Darahku mengalir dingin.
Kael mendekat. “Tidak. Tidak akan terjadi. Tidak selagi aku bisa berdetak.”
Malamnya
Di taman belakang, cahaya sihir mulai membentuk pola di udara. Enam garis membentuk mata terbuka—simbol kuno milik Viseran. Dari tengah pola itu, serpihan takdir terakhir turun.
Tapi tidak dalam bentuk burung.
Melainkan dalam bentuk bayi.
Bayi yang menangis tanpa suara, dengan rambut perak dan mata hitam kosong—seperti cermin Kael dan aku.
Kael segera melangkah, tapi aku menahannya.
“Tunggu. Ini... bukan hanya ancaman. Ini... undangan.”
Dari langit, suara Viseran turun perlahan. Tidak menggema, tapi meresap.
> “Inilah dunia yang bisa kau miliki, Kael. Jika kau memilihnya. Dunia tanpa perang. Tanpa rasa takut. Tanpa sejarah. Kau, Elvara, dan anak itu… bisa hidup dalam halaman baru yang tak memiliki masa lalu. Tapi… hanya jika kau menyerahkan semua detakmu. Kembalikan hatimu pada diam.”
Kael membeku.
Aku menatapnya. “Jangan dengarkan.”
“Tapi Elvara…”
“Aku di sini. Aku nyata. Dunia tanpa masa lalu bukan dunia. Itu... penjara emas.”
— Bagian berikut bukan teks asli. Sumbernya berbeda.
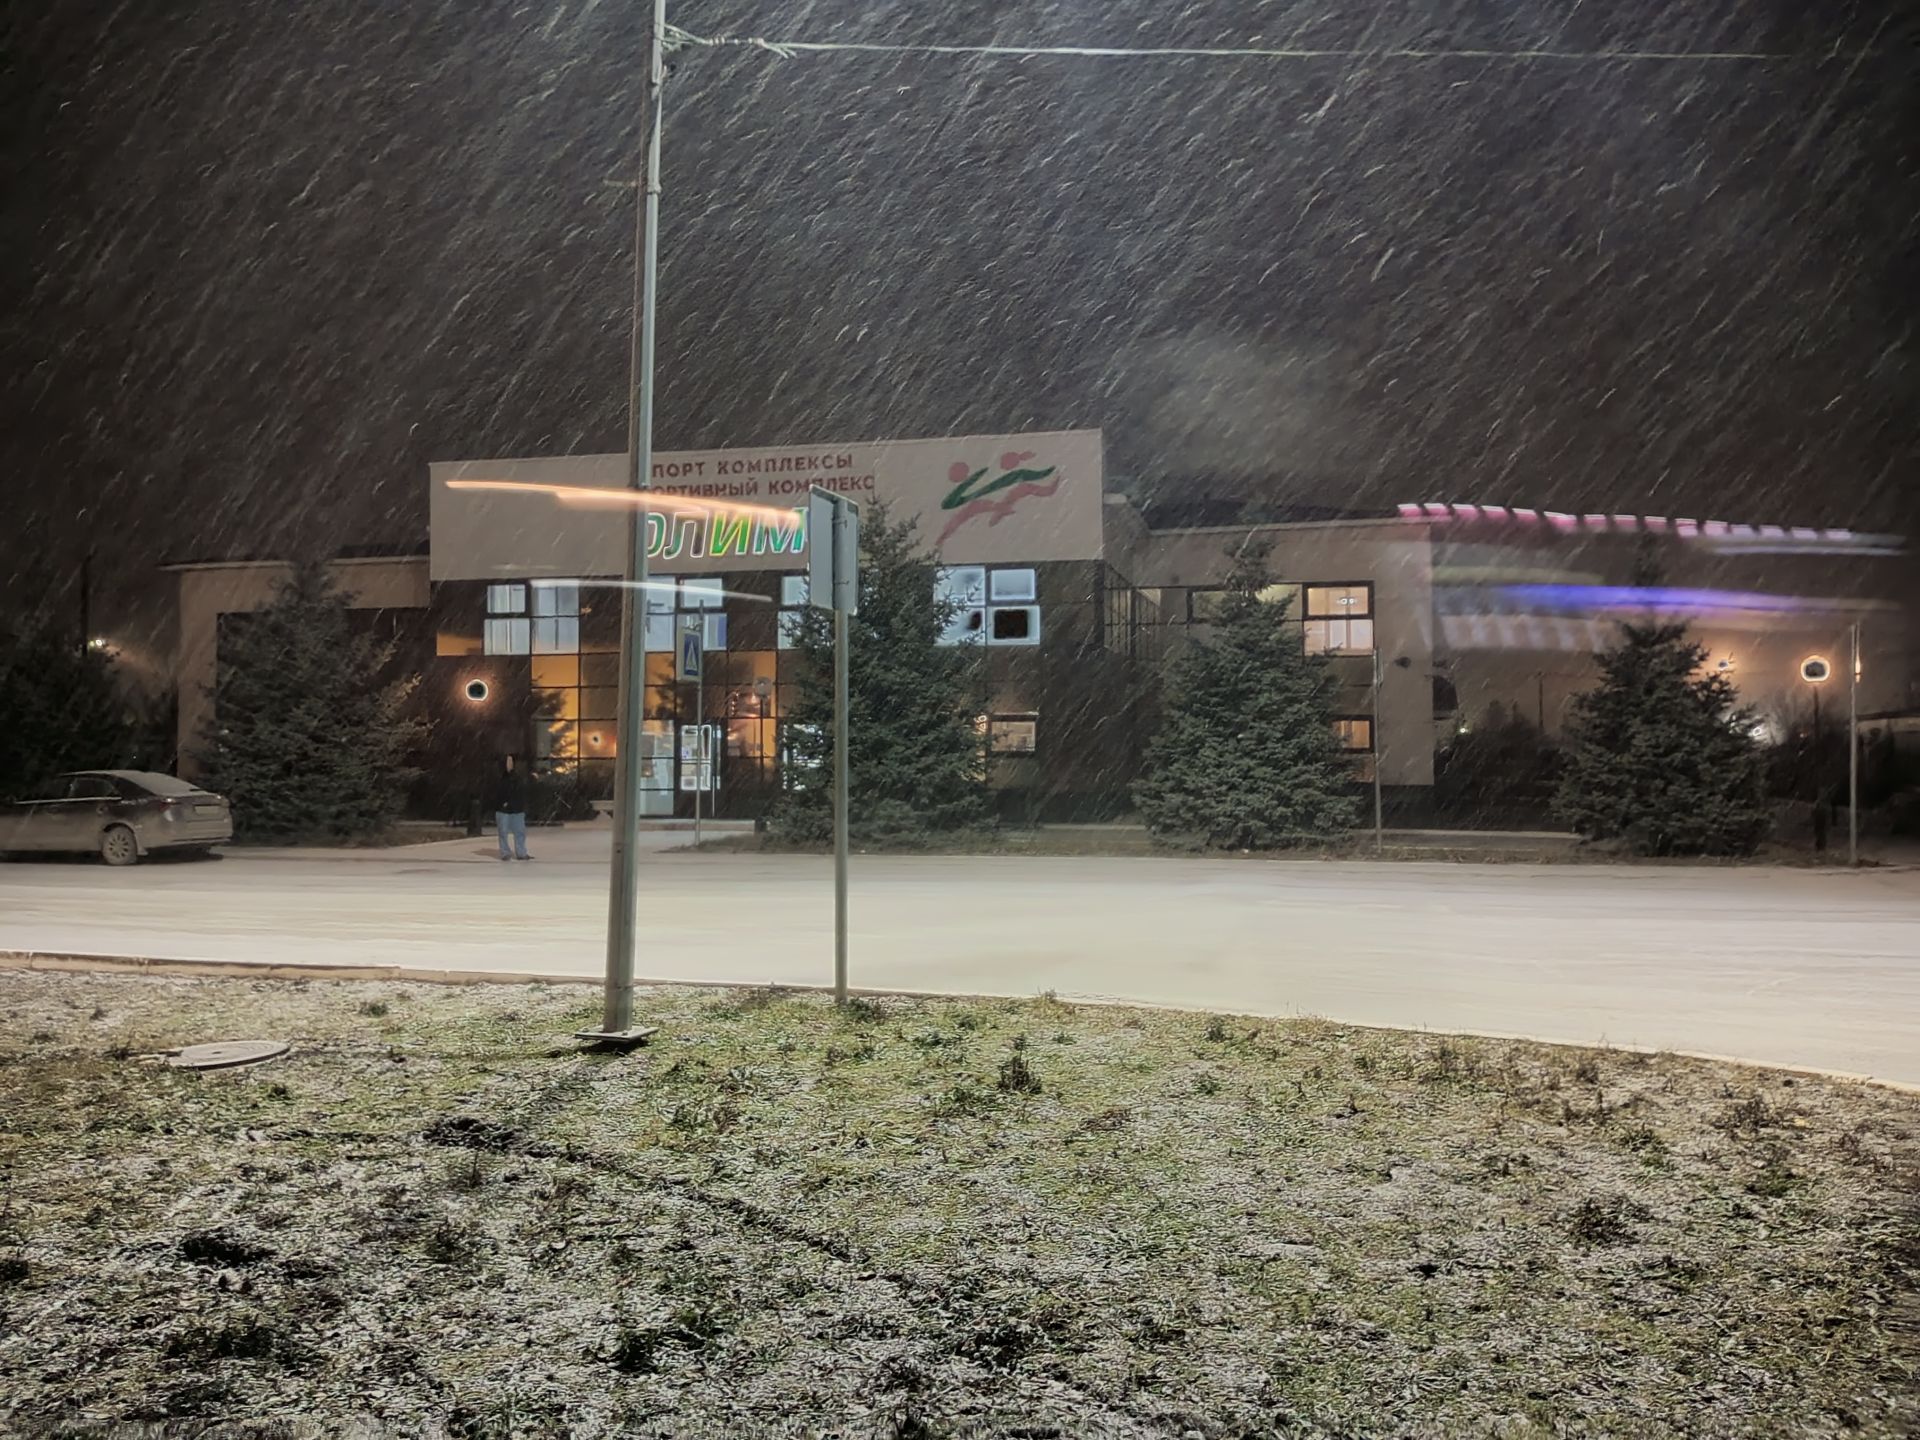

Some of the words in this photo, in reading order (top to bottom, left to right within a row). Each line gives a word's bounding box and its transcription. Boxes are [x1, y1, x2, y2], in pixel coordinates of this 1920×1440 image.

Kael menunduk, menggenggam belati.
Lalu ia menatap langit.
“Viseran,” katanya tegas. “Jika kau ingin menulis ulang dunia, tulislah dengan tanganmu sendiri. Jangan pakai tubuhku. Dan jangan sentuh wanita yang membuatku ingin hidup.”
Langit bergetar.
Serpihan bayi di tanah mulai meleleh, berubah kembali menjadi fragmen sihir.
Dan suara itu mengeras.
> “Maka kau telah menolak kemurahan satu-satunya. Selamat datang... di perlawanan terakhir.”
Langit robek.
Dan dari celah itu, perpustakaan takdir—tempat Viseran tinggal—turun dari langit seperti kastil terbalik. Tangga-tangga melayang, pena-pena raksasa terhunus seperti tombak, dan ribuan lembar sejarah beterbangan seperti debu perang.
Kael menggenggam tanganku.
“Kau siap?” bisiknya.
Aku mengangguk. “Takdir hanya menulis. Tapi kita… yang memberi makna.”
Dan malam itu, kami melangkah maju.
Menuju kastil terakhir.
Untuk menantang pena yang menganggap cinta tak lebih dari kesalahan tulis.